**** Material for the task ****

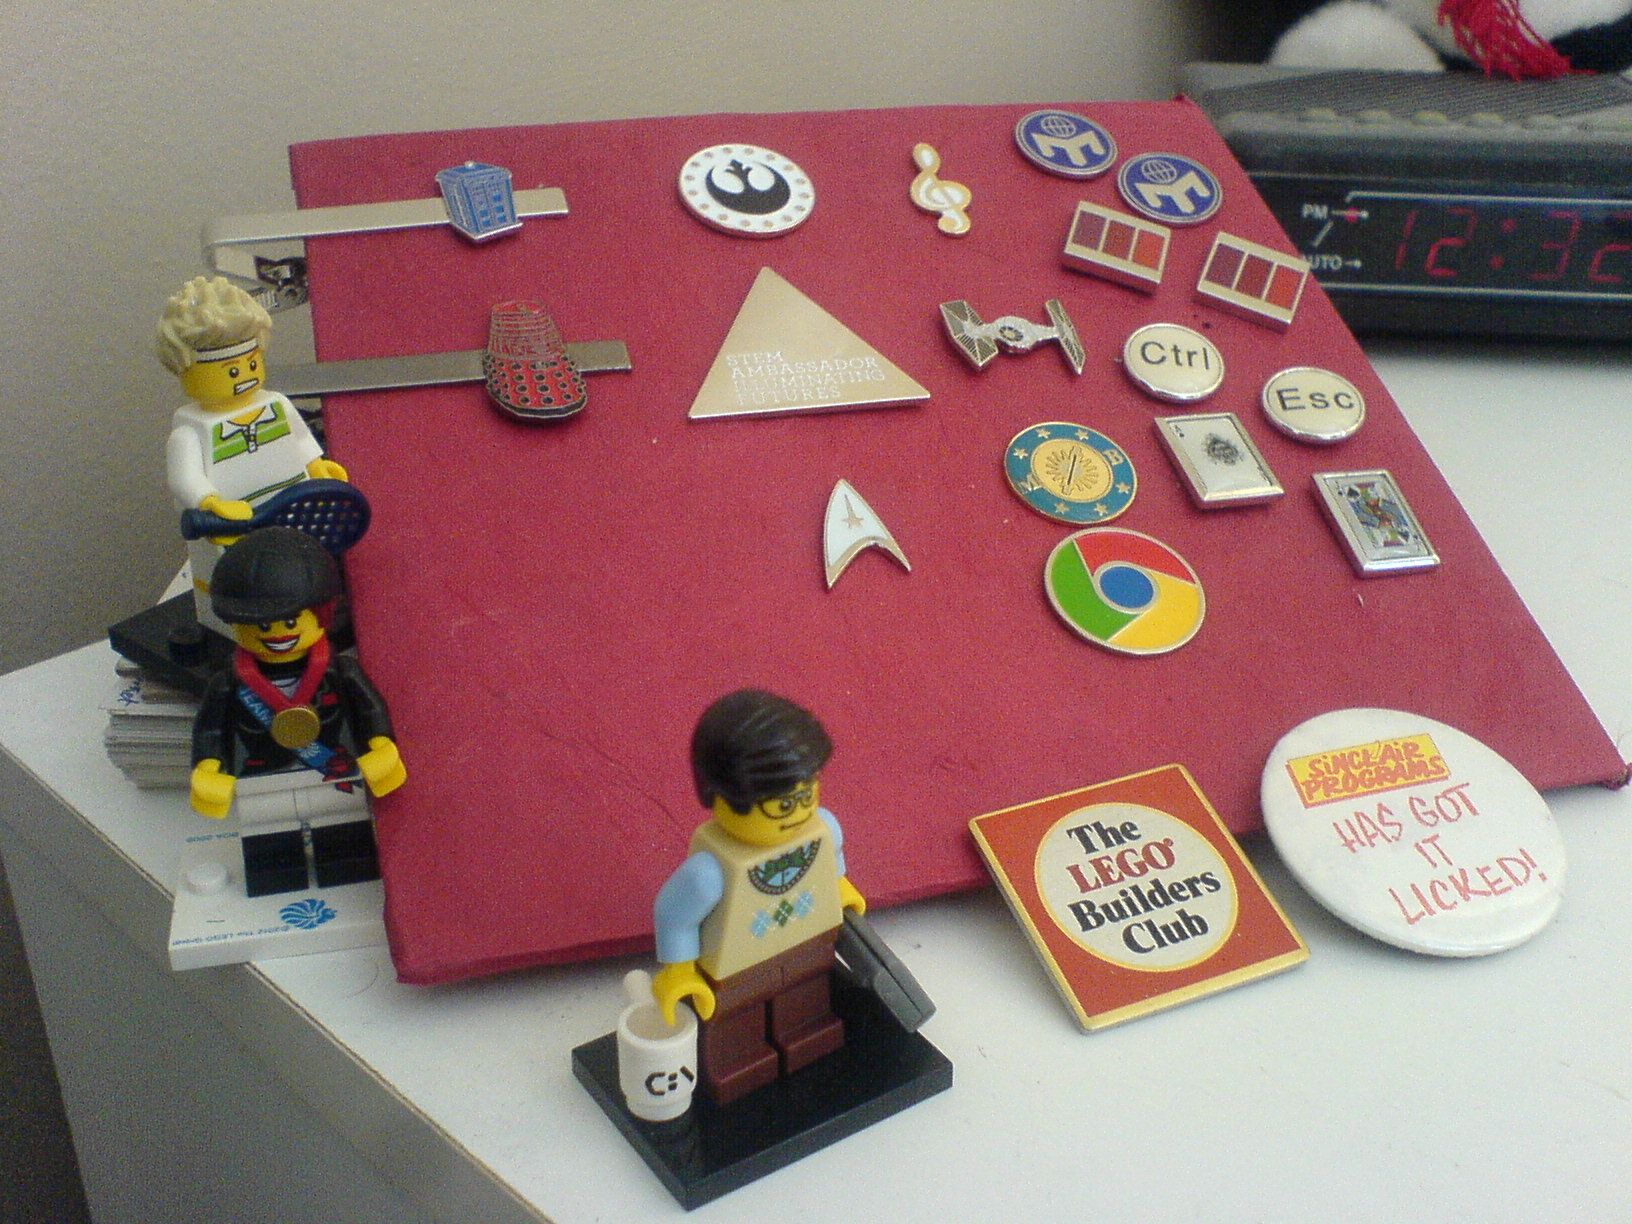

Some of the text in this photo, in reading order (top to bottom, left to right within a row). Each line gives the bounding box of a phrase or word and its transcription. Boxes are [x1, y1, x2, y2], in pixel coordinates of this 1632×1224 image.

[1302, 203, 1328, 219] PM
[726, 351, 783, 366] STEM
[731, 357, 878, 379] AMBASSADOR
[1140, 341, 1210, 370] Ctrl
[1276, 387, 1355, 411] Esc
[1301, 755, 1446, 800] PROGRAMS
[1332, 782, 1480, 854] HAS GOT
[1067, 821, 1142, 855] The
[1414, 833, 1454, 868] IT
[1067, 871, 1222, 932] Builders
[1388, 848, 1548, 925] LICKED!
[1122, 909, 1210, 954] Club

****

→ Problem requirements
Please retype every entry above exactly, leaving out any picture.

→ Answer section
Some of the text in this photo, in reading order (top to bottom, left to right within a row). Each line gives the bounding box of a phrase or word and its transcription. Boxes are [x1, y1, x2, y2], in pixel coordinates of this 1632×1224 image.

[1302, 203, 1328, 219] PM
[726, 351, 783, 366] STEM
[731, 357, 878, 379] AMBASSADOR
[1140, 341, 1210, 370] Ctrl
[1276, 387, 1355, 411] Esc
[1301, 755, 1446, 800] PROGRAMS
[1332, 782, 1480, 854] HAS GOT
[1067, 821, 1142, 855] The
[1414, 833, 1454, 868] IT
[1067, 871, 1222, 932] Builders
[1388, 848, 1548, 925] LICKED!
[1122, 909, 1210, 954] Club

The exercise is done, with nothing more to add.